Tumanako "Tui" Teka (28 January 1937—23 January 1985), better known by his stage names Tui Latui or Prince Tui Teka, was a Māori singer and actor. Teka was a member of the Maori Volcanics Showband before having a successful solo career.

== Career==
Teka was born in Ruatāhuna, New Zealand near Te Urewera. His parents were both musicians, and he learnt to play the guitar and saxophone at a young age.

He moved to Sydney in the early 1950s. In 1959, Teka, Jonny Nicol, and Mat Tenana joined the Royal Samoans and Maoris. The band was later renamed Prince Tui Latui & The Maori Troubadours. In 1968, he joined Maori Volcanics Showband, touring the Pacific for six years. In 1972, he began his solo career, and returned home releasing two albums: Real Love and Oh Mum, as well as the Māori love song "E Ipo".

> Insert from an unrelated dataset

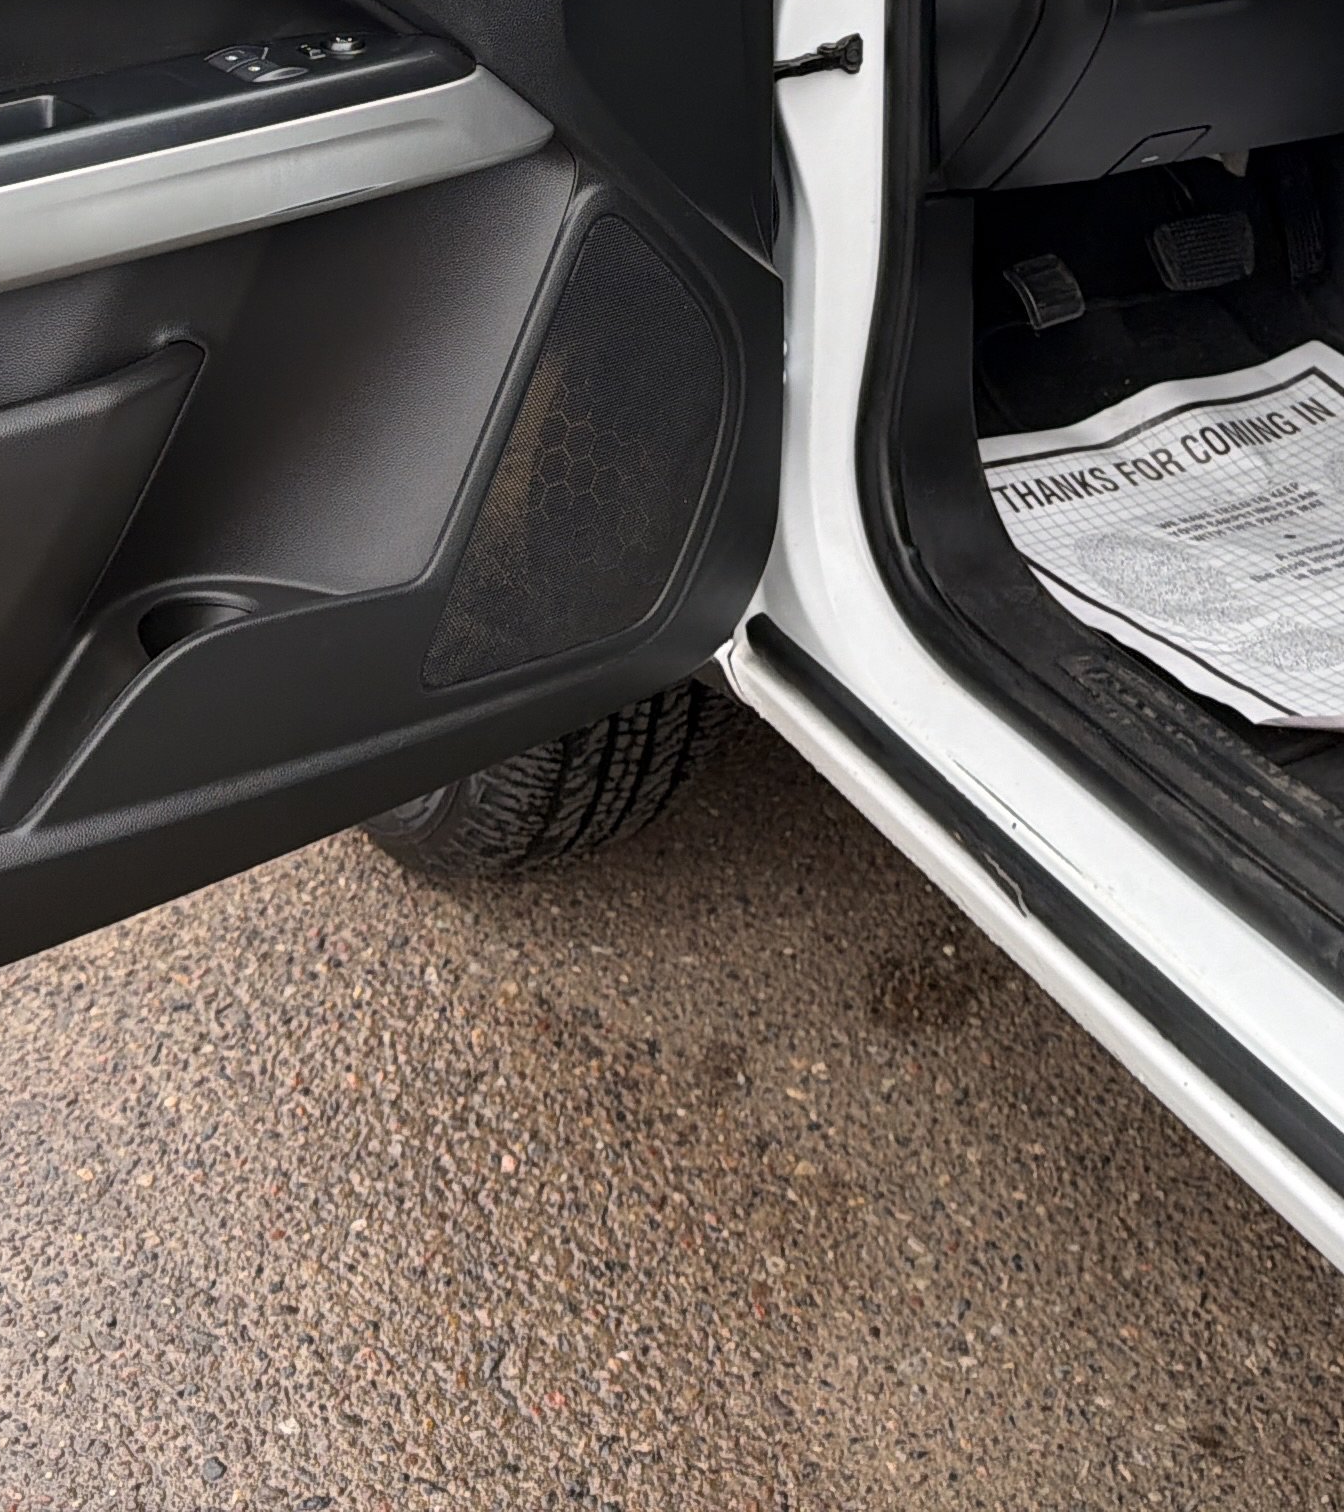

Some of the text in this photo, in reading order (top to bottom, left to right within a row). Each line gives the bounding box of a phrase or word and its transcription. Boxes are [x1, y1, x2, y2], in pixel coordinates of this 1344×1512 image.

In 1974, he met with Noel Tio; both Tui and Noel had known each other since 1958, so Noel Tio Enterprises Pty Ltd. became his (Australia only) manager for 11 years. Before his death in 1985, he was in the West German TV series Jack Holborn and starred in New Zealand films Came a Hot Friday and Savage Islands.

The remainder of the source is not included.